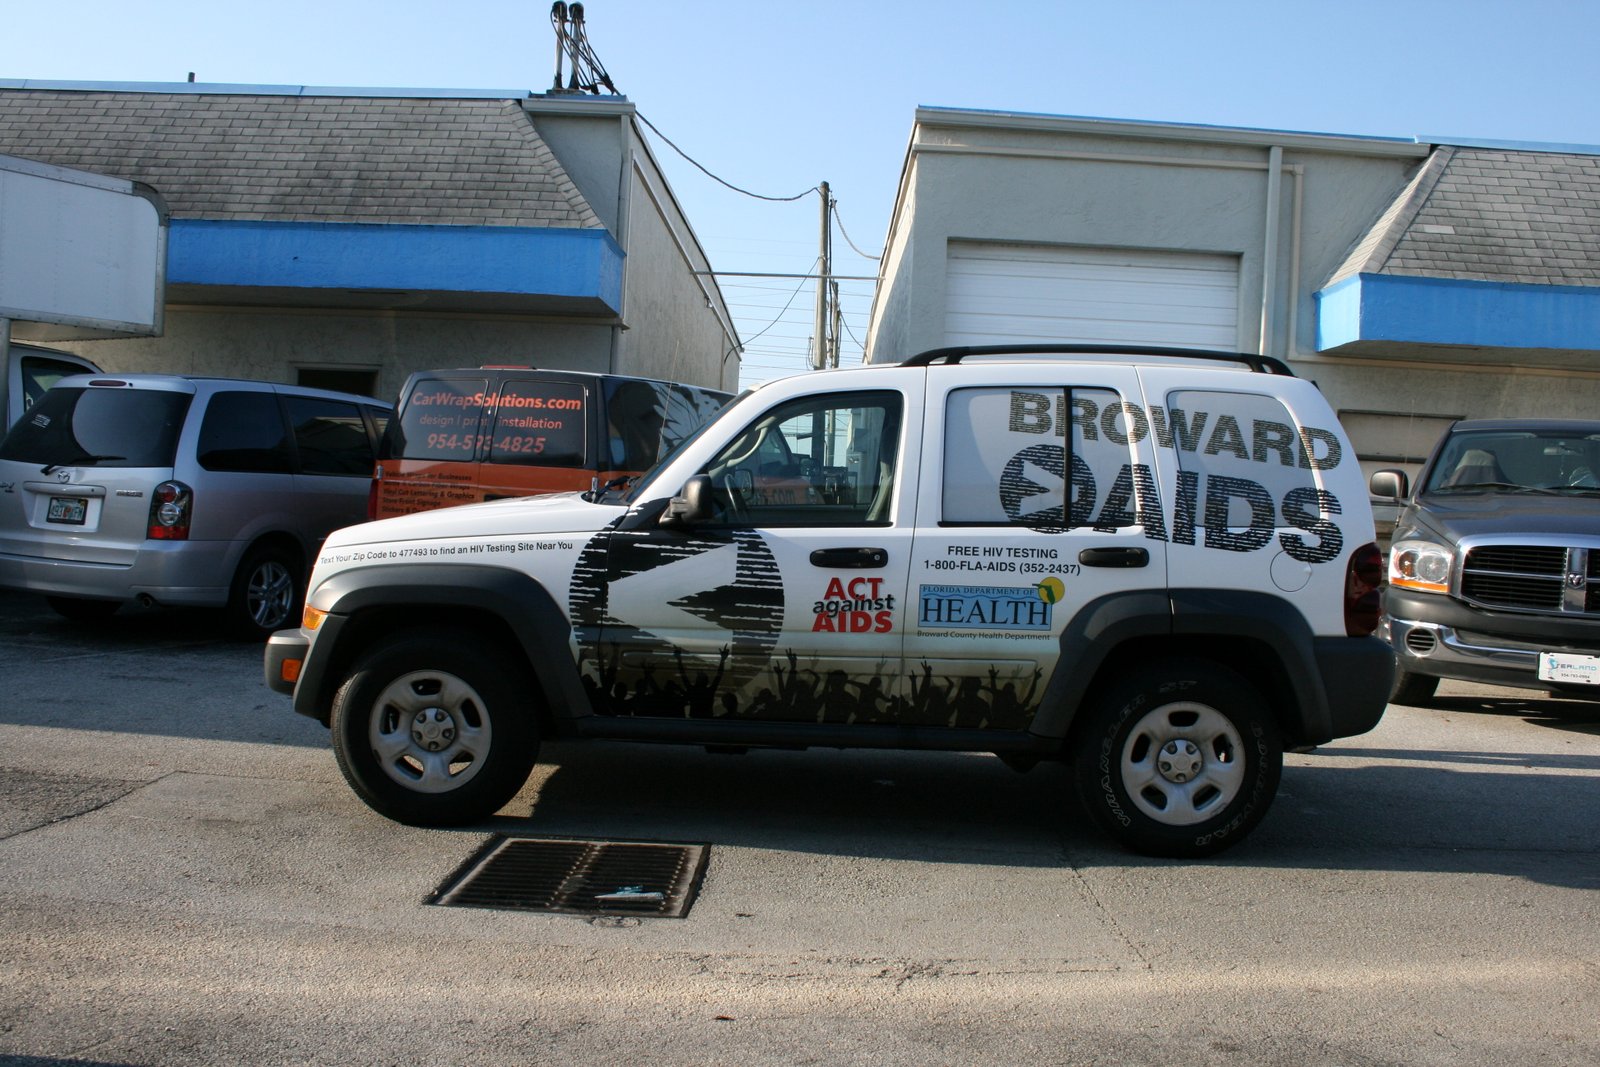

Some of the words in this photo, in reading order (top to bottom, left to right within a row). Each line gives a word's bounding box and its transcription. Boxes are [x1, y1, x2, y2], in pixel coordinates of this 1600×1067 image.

[412, 392, 582, 411] CarWrapSolutions.com
[419, 414, 454, 426] design
[498, 416, 563, 429] installation
[1009, 390, 1342, 471] BROWARD
[1092, 463, 1344, 564] AIDS
[321, 556, 334, 564] Text
[335, 554, 351, 563] Your
[353, 552, 365, 562] Zip
[367, 551, 388, 560] Code
[389, 550, 397, 558] to
[399, 547, 428, 557] 477493
[430, 547, 438, 555] to
[440, 547, 455, 555] find
[470, 545, 484, 553] HIV
[486, 544, 516, 554] Testing
[517, 542, 534, 551] Site
[536, 542, 556, 550] Near
[558, 541, 573, 550] You
[948, 545, 980, 557] FREE
[983, 547, 1004, 557] HIV
[1006, 547, 1058, 559] TESTING
[924, 559, 1016, 572] 1-800-FLA-AIDS
[1019, 562, 1081, 576] (352-2437)
[823, 577, 884, 601] ACT
[922, 585, 961, 594] FLORIDA
[963, 586, 1021, 596] DEPARTMENT
[812, 593, 895, 618] against
[921, 598, 1049, 626] HEALTH
[811, 610, 893, 633] AIDS
[917, 630, 948, 638] Broward
[949, 630, 977, 640] County
[978, 631, 1003, 640] Health
[1004, 632, 1050, 641] Department
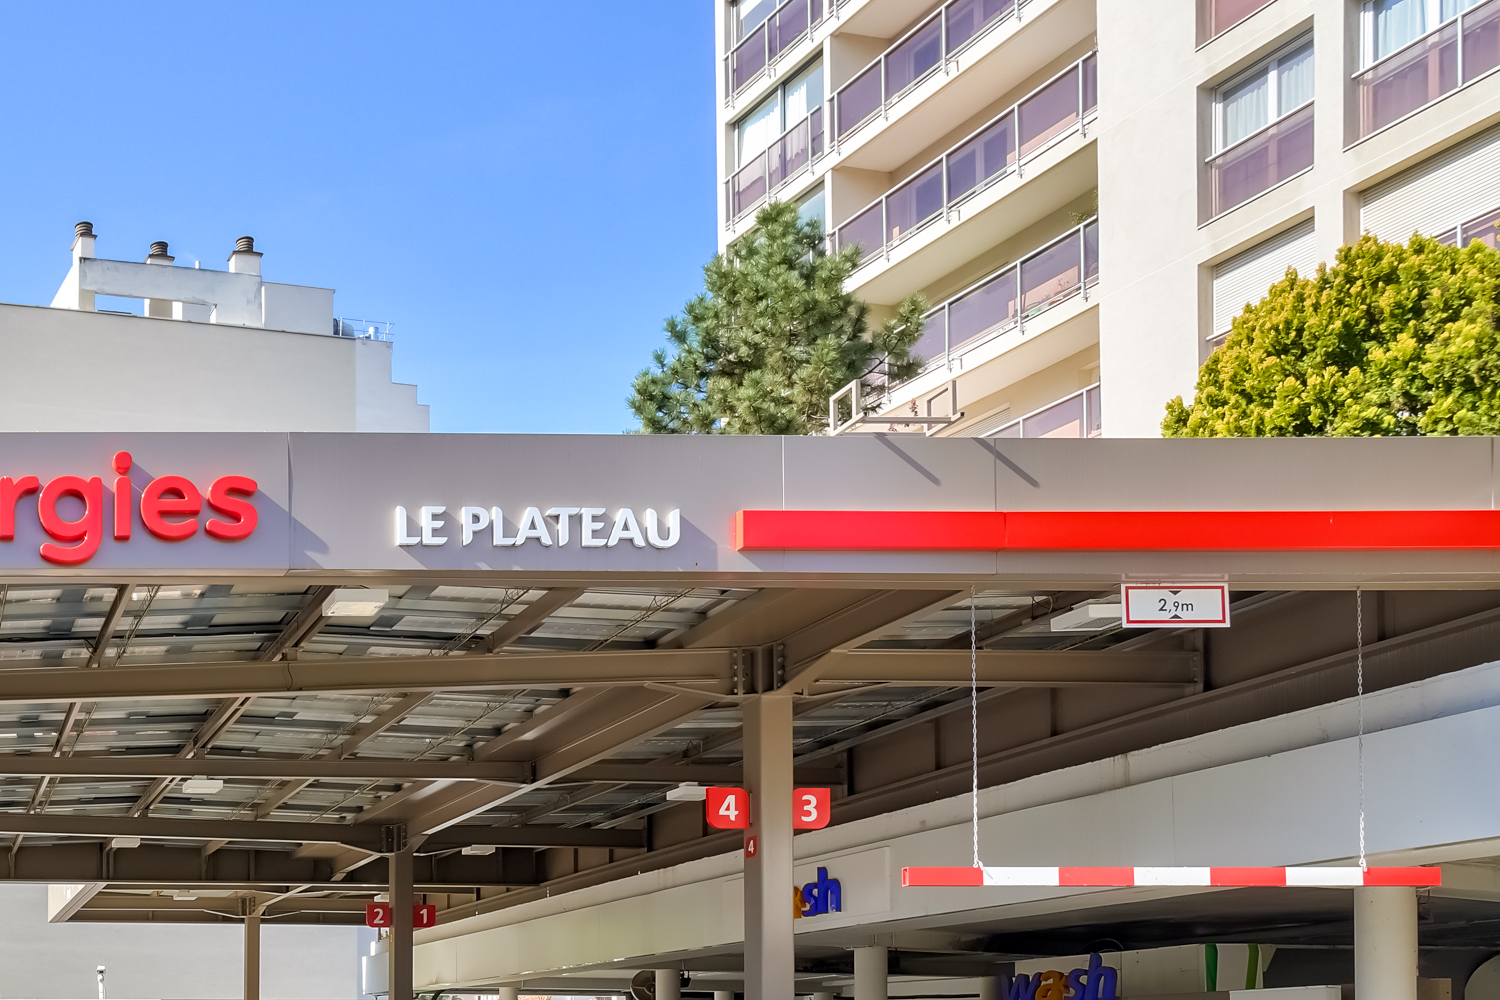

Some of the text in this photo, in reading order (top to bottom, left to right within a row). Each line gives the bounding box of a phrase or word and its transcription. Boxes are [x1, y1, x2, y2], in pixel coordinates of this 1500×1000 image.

[395, 505, 681, 549] LE PLATEAU
[1158, 598, 1194, 613] 2,9m
[718, 794, 739, 821] 4
[801, 794, 818, 822] 3
[748, 840, 754, 853] 4
[373, 908, 385, 924] 2
[419, 908, 428, 924] 1
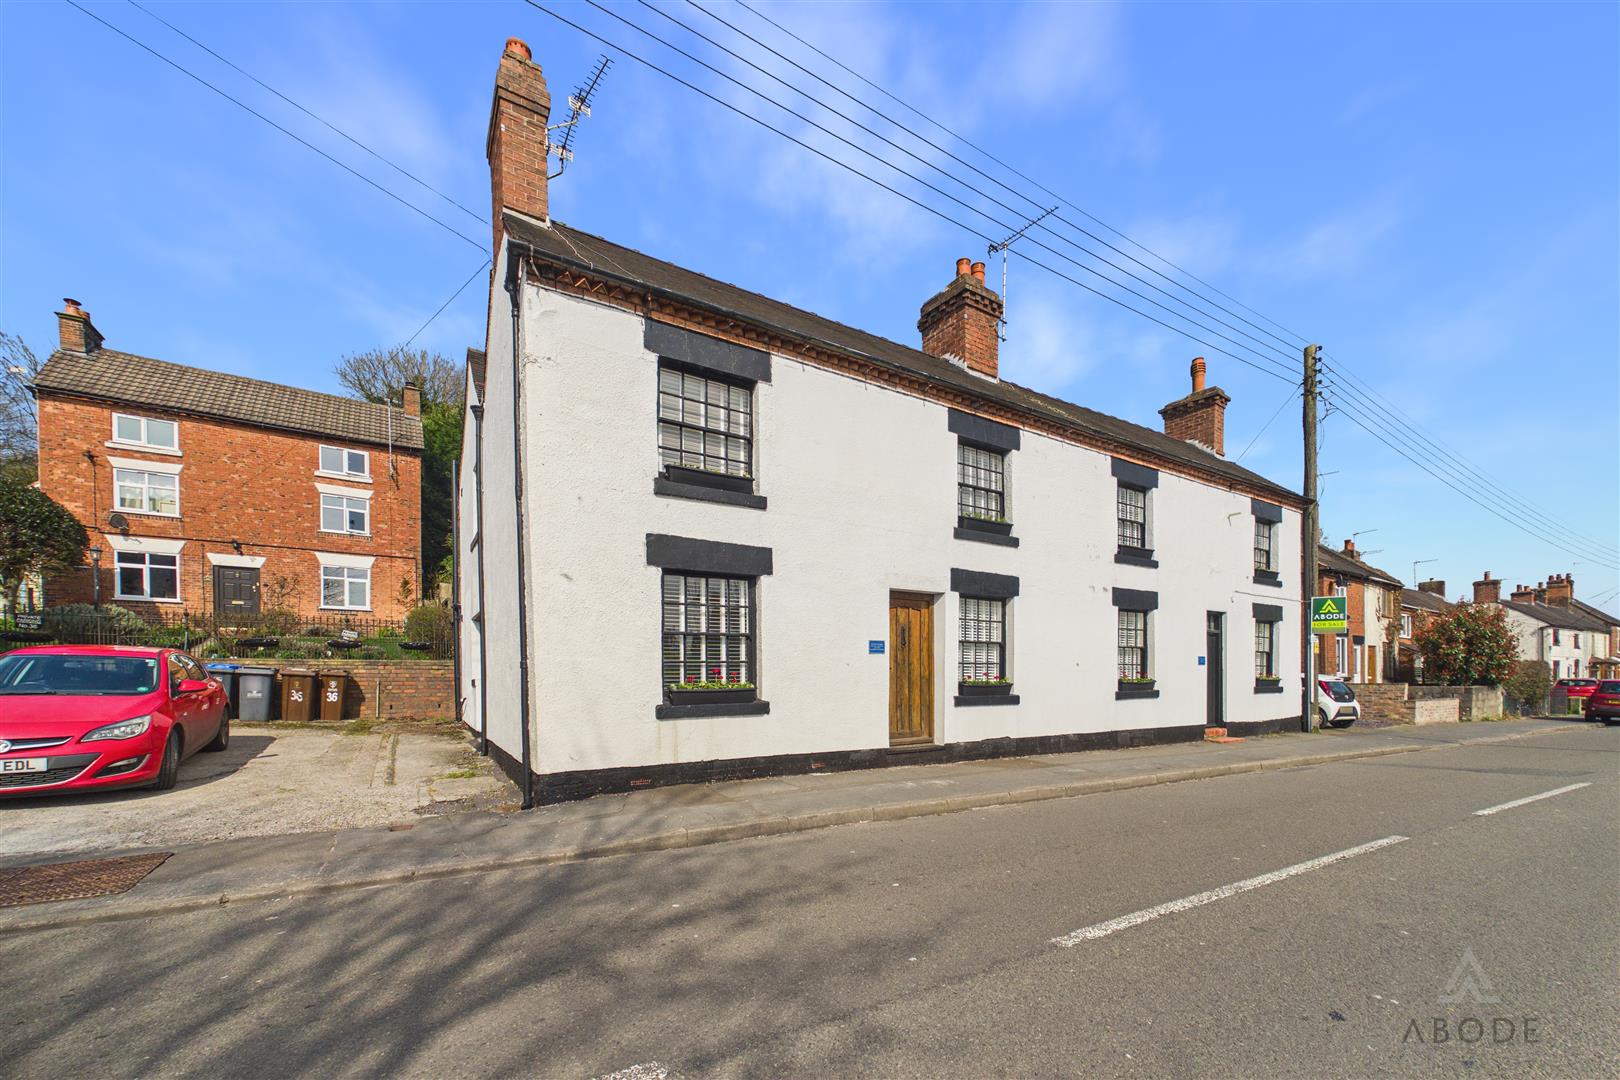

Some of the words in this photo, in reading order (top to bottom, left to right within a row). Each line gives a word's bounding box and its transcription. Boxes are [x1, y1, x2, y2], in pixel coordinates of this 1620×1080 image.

### What is being asked
Please repeat the lines above from the line containing "Some of the text" through the final line, both included, exactly as they stand and without pictures.

### Written reply
Some of the text in this photo, in reading order (top to bottom, left to right within a row). Each line gives the bounding box of a phrase or word and its transcription. Boxes are [x1, y1, x2, y2], in pixel coordinates of this 1500×1000 image.

[395, 505, 681, 549] LE PLATEAU
[1158, 598, 1194, 613] 2,9m
[718, 794, 739, 821] 4
[801, 794, 818, 822] 3
[748, 840, 754, 853] 4
[373, 908, 385, 924] 2
[419, 908, 428, 924] 1

Some of the words in this photo, in reading order (top to bottom, left to right within a row). Each line gives a word's bounding box and its transcription. Boxes are [x1, y1, x2, y2], in pixel coordinates of this 1620×1080 image.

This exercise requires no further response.